We love having local musicians hang out in-studio during MI Local, and this week I have to appreciate how Elisabeth Pixley-Fink made the late-evening drive in from her homebase of Ann Arbor so that we could talk about her new album, “Heartskin.”

Pixley-Fink is a multi-instrumentalist, producer, band leader and poetic lyricist who, on her latest album, has woven together a particularly scintillating swath of guitar riffs and cathartic phrasings that taps into seminal riot grrrl energy, mixed with ballads that dynamically soften the sonic terrain with poignant lyrics sung in versatile vocal ranges that draw inspiration from queer Spanish poet Federico Garcia Lorca, which we discuss during our live on-air interview!

Next Friday, May 16, at the Outer Limits Lounge, Pixley-Fink performs for an album release show that also features Kalamazoo-based indie-rockers The Go Rounds. Speaking of Kalamazoo, that’s actually Pixley-Fink’s original hometown; she’s been touring in, around, and outside of the state of Michigan over the last decade, and released her first recorded music back in 2012.

Pixley-Fink said “Heartskin” has been in the works for eight years.

“The process of making an album is the process of learning something,” she said. “So I took a long time writing the songs on ‘Heartskin’ and getting them to a place I wanted. Meanwhile, I have a day-job I work to support myself, and I think that’s an important part of myself as an artist: it’s cramming art into my daily life — having it be part of every day.”

Elisabeth Pixley-Fink.
Elisabeth Pixley-Fink.

Regarding the inspiration for the album, Pixley-Fink said she came across a collection by the late poet/playwright while she was living in Mexico City.
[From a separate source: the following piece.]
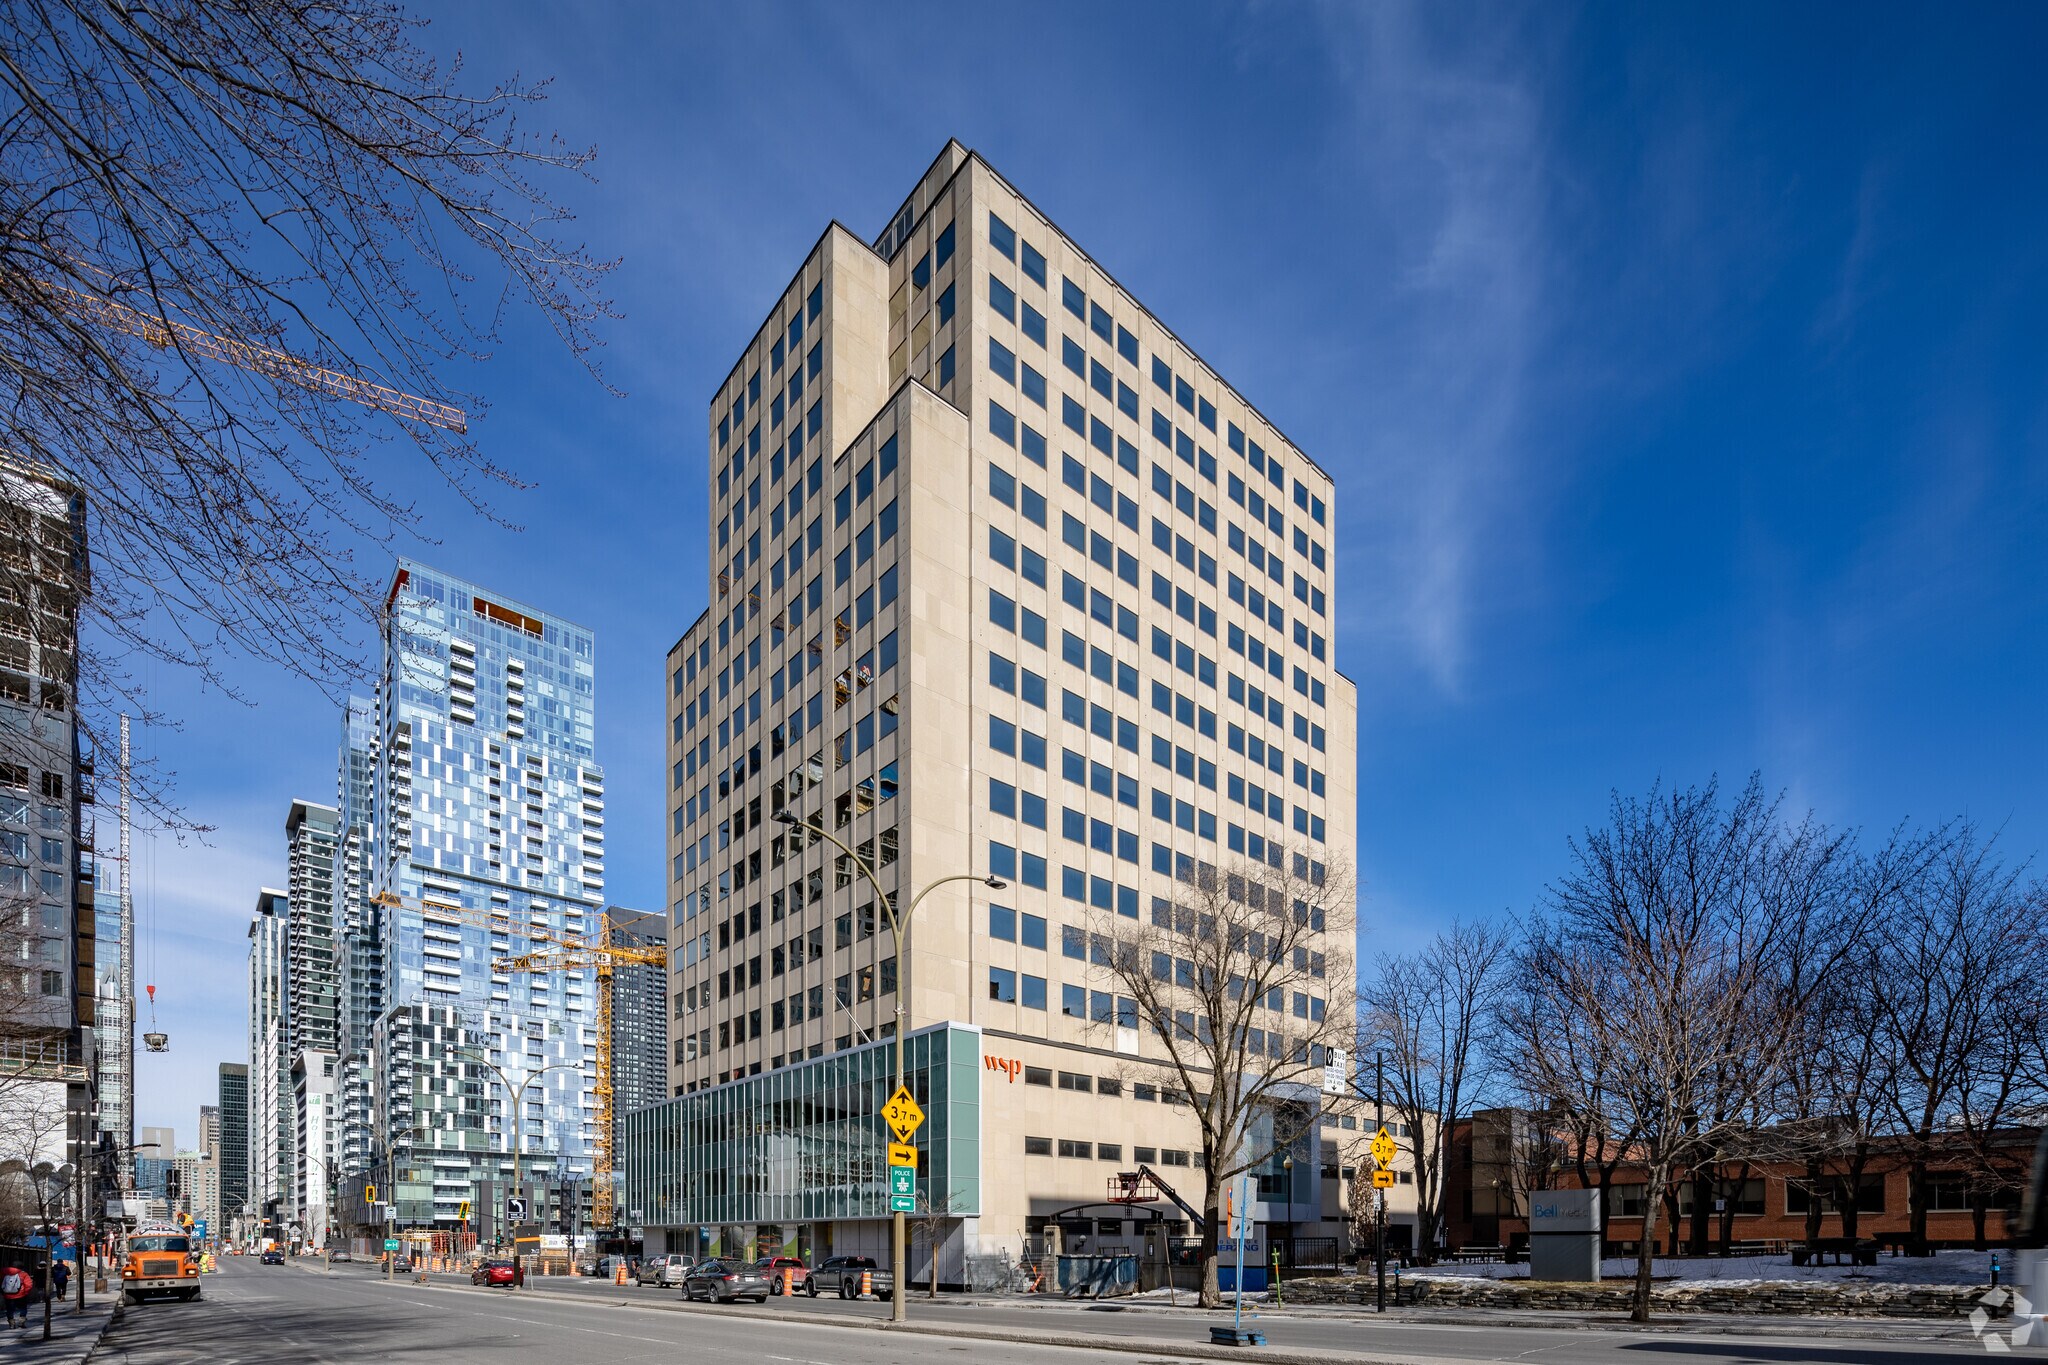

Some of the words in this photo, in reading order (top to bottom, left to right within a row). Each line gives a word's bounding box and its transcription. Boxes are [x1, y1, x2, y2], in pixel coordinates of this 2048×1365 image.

“I fell in love with (Lorca) as an artist,” Pixley-Fink said, “and felt a connection through time as a kindred spirit. There’s a poem called ‘Corezon Nuevo,’ that says ‘…my heart is like a serpent that has shed its skin / I hold it in my hands / heartskin of honey and wounds…'”

Just before we played Pixley-Fink’s title track song live on the air, she said “…it was the last song I recorded for the album and it just summed up the whole point of it — of looking at the beauty and the pain and the gooey goodness and the wounds, and I’m singing about all of that on the record.”

Speaking even further on the sense of “shedding,” Pixley-Fink posited that it ties in to a sense of recovery, “…of going through a lot and making sense of it — making sense of your part in it and accepting yourself, accepting all parts of yourself and not through someone else’s eyes.”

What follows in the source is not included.